Karuri & another (Suing through the legal representatives of the Estate of David Mburu Karuri (Deceased)) v Njoroge [2023] KEHC 26922 (KLR)
Full Case Text
Karuri & another (Suing through the legal representatives of the Estate of David Mburu Karuri (Deceased)) v Njoroge (Civil Appeal 14 of 2019) [2023] KEHC 26922 (KLR) (14 December 2023) (Judgment)
Neutral citation: [2023] KEHC 26922 (KLR)
Republic of Kenya
In the High Court at Machakos
Civil Appeal 14 of 2019
FROO Olel, J
December 14, 2023
Between
Stephen Waweru Karuri
1st Appellant
Alice Wambui Kariuki
2nd Appellant
Suing through the legal representatives of the Estate of David Mburu Karuri (Deceased)
and
Ann Muthoni Njoroge
Respondent
(BEING AN APPEAL FROM THE JUDGMENT OF HON C. C. OLUOCH (S.P.M) DELIVERED ON 25TH JANUARY 2019 IN MAVOKO CMCC NO. 160 OF 2018)
Judgment
Introduction 1. This appeal arises from the judgement/decision of Hon. C.C. Oluoch (S.P.M.) dated 25th January 2019 and issued in Mavoko CMCC No. 160 of 2018, where she did enter judgement in favour of appellants and awarded them damages totaling to Kshs. 1,914,410/= less 20% contribution reducing the total award to Kshs. 1,531,528/=. It should be noted That on 30th October 2019, the parties herein did file a written consent on liability in the ratio of 80:20% in favour of the appellants and further agreed to file written submissions on Quantum.

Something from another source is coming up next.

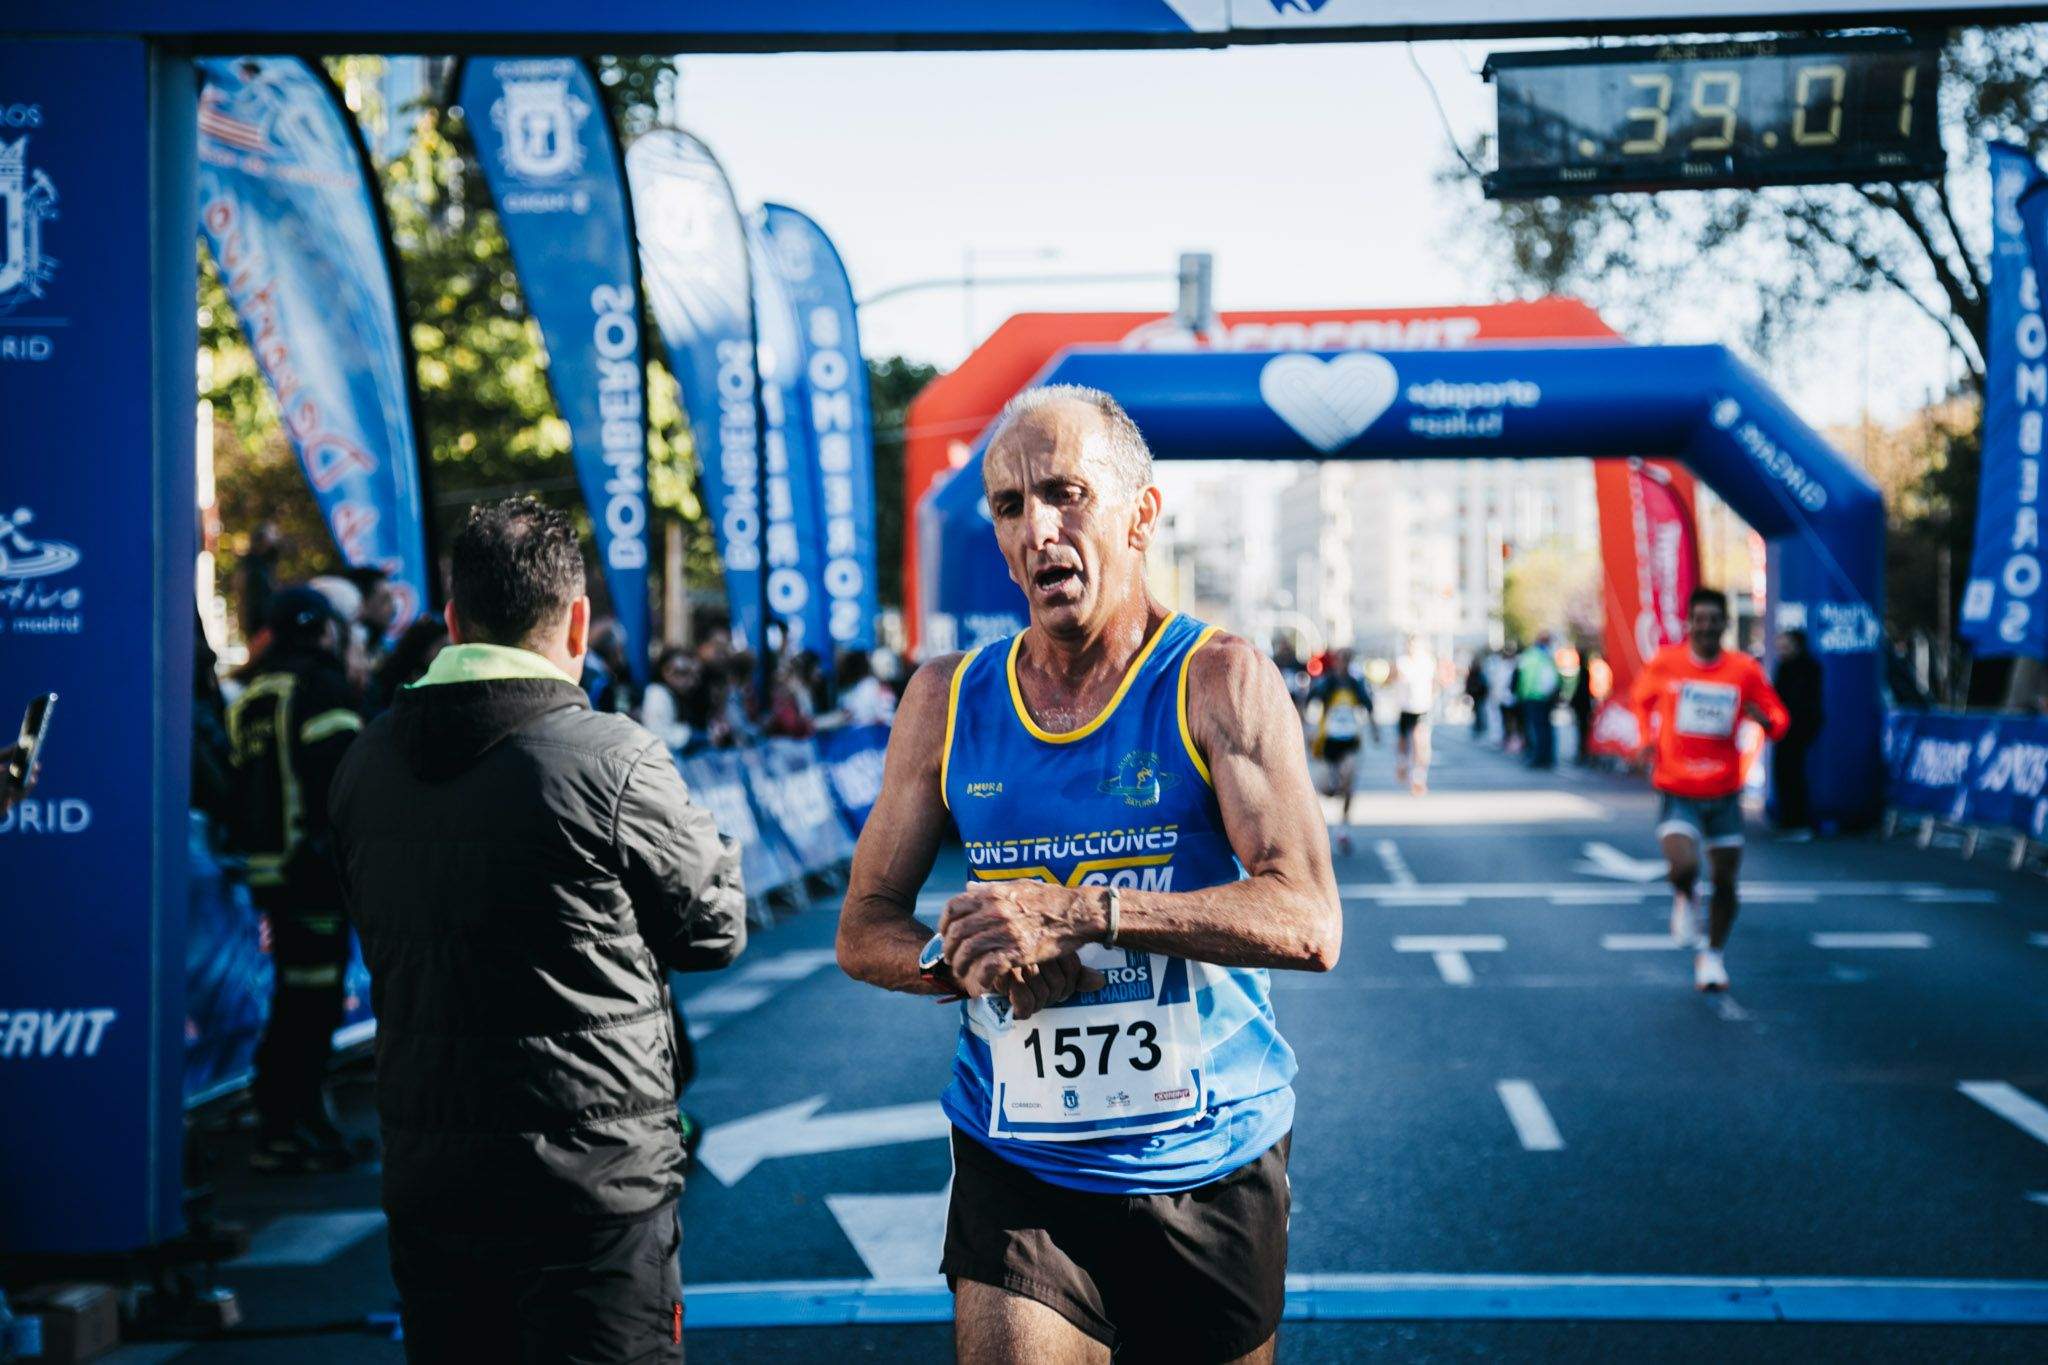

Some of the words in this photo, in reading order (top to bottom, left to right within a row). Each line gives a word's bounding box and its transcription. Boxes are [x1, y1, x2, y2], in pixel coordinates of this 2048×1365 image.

[1101, 966, 1149, 985] ROS
[1101, 981, 1151, 1001] MADRID
[1023, 1020, 1163, 1079] 1573

Pleadings 2. The appellants had filed a suit as the Legal Representatives for the Estate of David Mburu Karuri (Deceased) who on 10th February, 2017 was hit by the Respondent’s motor vehicle KCJ 268D make FAW Lorry (truck) hereinafter referred to as the (suit motor vehicle) while crossing Mombasa road and as a result he sustained fatal injuries and succumbed on 11th February, 2017 while undergoing treatment at Al Amin Nursing Home. The appellants listed the particulars of negligence alleged against the Respondent and pleaded to be awarded General damages under the Fatal Accidents Act, Law Reform Act, special damages, costs and interest.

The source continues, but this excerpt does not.